Mark Cunliffe 🇵🇸’s review published on Letterboxd:
The original adaptation of James Herriot's vet novels is a cosy and enjoyable enough afternoon watch but has an occasionally darker, more straight hue than the later TV series.
Simon Ward is very solid in the lead role as Herriot and very convincing too, though the character is essentially the kind of idealistic, likeable youth he'd cornered the market in playing at that time. Brian Stirner as Tristan Farnon lacks the innocuous charm that Peter Davison would later bring to the role on television and as such makes little impact. It's perhaps a young Anthony Hopkins who impresses the most as the senior in the practice, Siegfried Farnon.
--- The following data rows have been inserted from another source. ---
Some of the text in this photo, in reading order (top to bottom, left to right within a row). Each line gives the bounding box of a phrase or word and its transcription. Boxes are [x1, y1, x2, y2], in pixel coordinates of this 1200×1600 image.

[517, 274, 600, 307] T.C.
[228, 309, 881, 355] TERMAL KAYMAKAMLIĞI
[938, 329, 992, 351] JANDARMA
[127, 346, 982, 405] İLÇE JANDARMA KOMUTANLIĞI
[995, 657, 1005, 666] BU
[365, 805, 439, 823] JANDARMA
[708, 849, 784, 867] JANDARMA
Though the rightly bluff martinet nature of the character on display in the script here lacks some of the more contrary eccentric core that he also had in the books and in Robert Hardy's subsequent portrayal. New Zealander Lisa Harrow makes for a striking Helen, Herriot's love interest and is on a par with TV's Carol Drinkwater - both of whom were far better than Lynda Bellingham. The rest of the cast is populated by capable characters actors like Freddie Jones, TP McKenna, Brenda Bruce and Jenny Runacre as well as faces familiar to the region like Harold Goodwin and Fred Feast.
The film has a very interesting score from Wilfred Josephs that uses several motifs from and variations of another hymn, Jerusalem.